#### TASK STATEMENT:
Please reproduce all of the data below exactly, leaving each picture out.
*-*-*
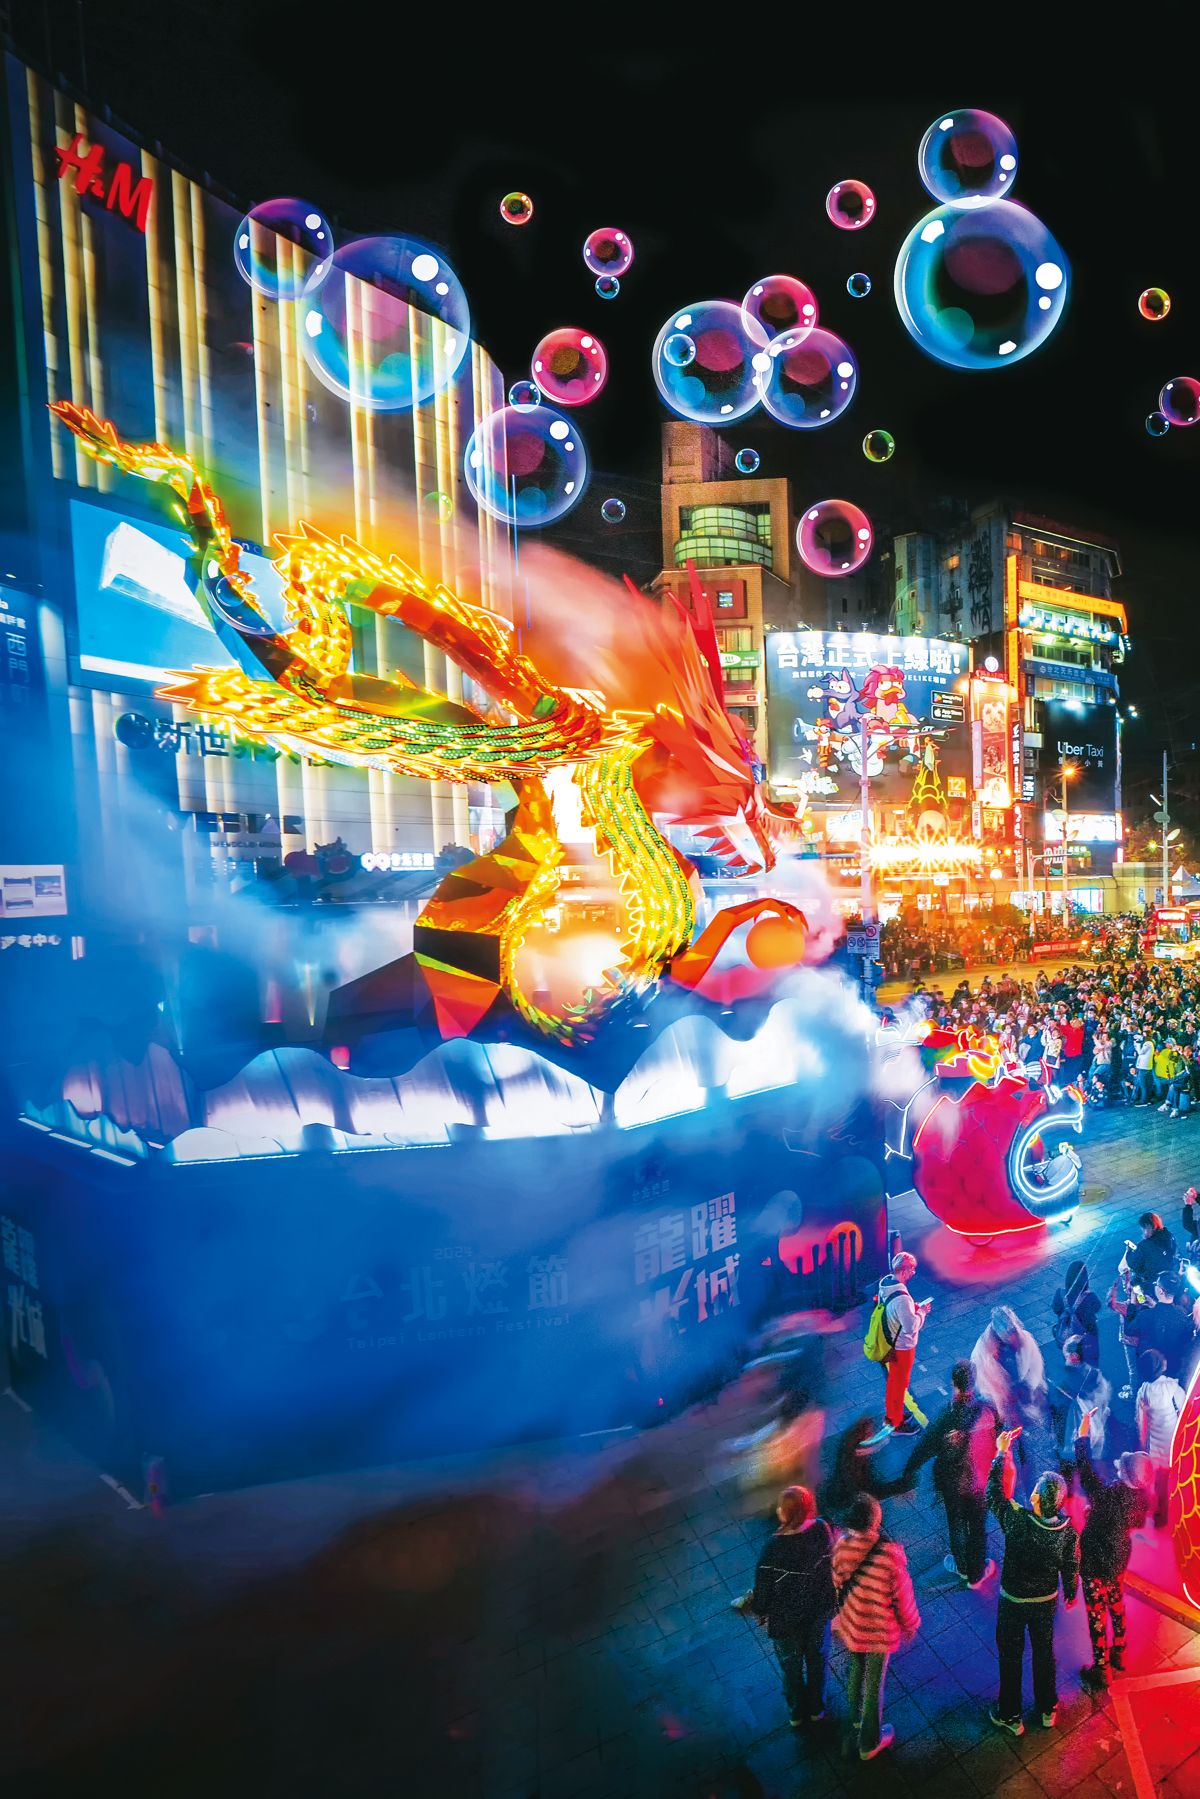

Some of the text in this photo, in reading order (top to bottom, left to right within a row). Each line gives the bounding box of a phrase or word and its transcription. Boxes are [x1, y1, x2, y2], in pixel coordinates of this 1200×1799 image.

[54, 132, 154, 233] H&M
[777, 641, 961, 675] 台灣正式上線啦!
[1057, 741, 1104, 757] Uber Taxi
[496, 1312, 572, 1332] Festival
*-*-*
#### TASK RESPONSE:
Some of the text in this photo, in reading order (top to bottom, left to right within a row). Each line gives the bounding box of a phrase or word and its transcription. Boxes are [x1, y1, x2, y2], in pixel coordinates of this 1200×1799 image.

[54, 132, 154, 233] H&M
[777, 641, 961, 675] 台灣正式上線啦!
[1057, 741, 1104, 757] Uber Taxi
[496, 1312, 572, 1332] Festival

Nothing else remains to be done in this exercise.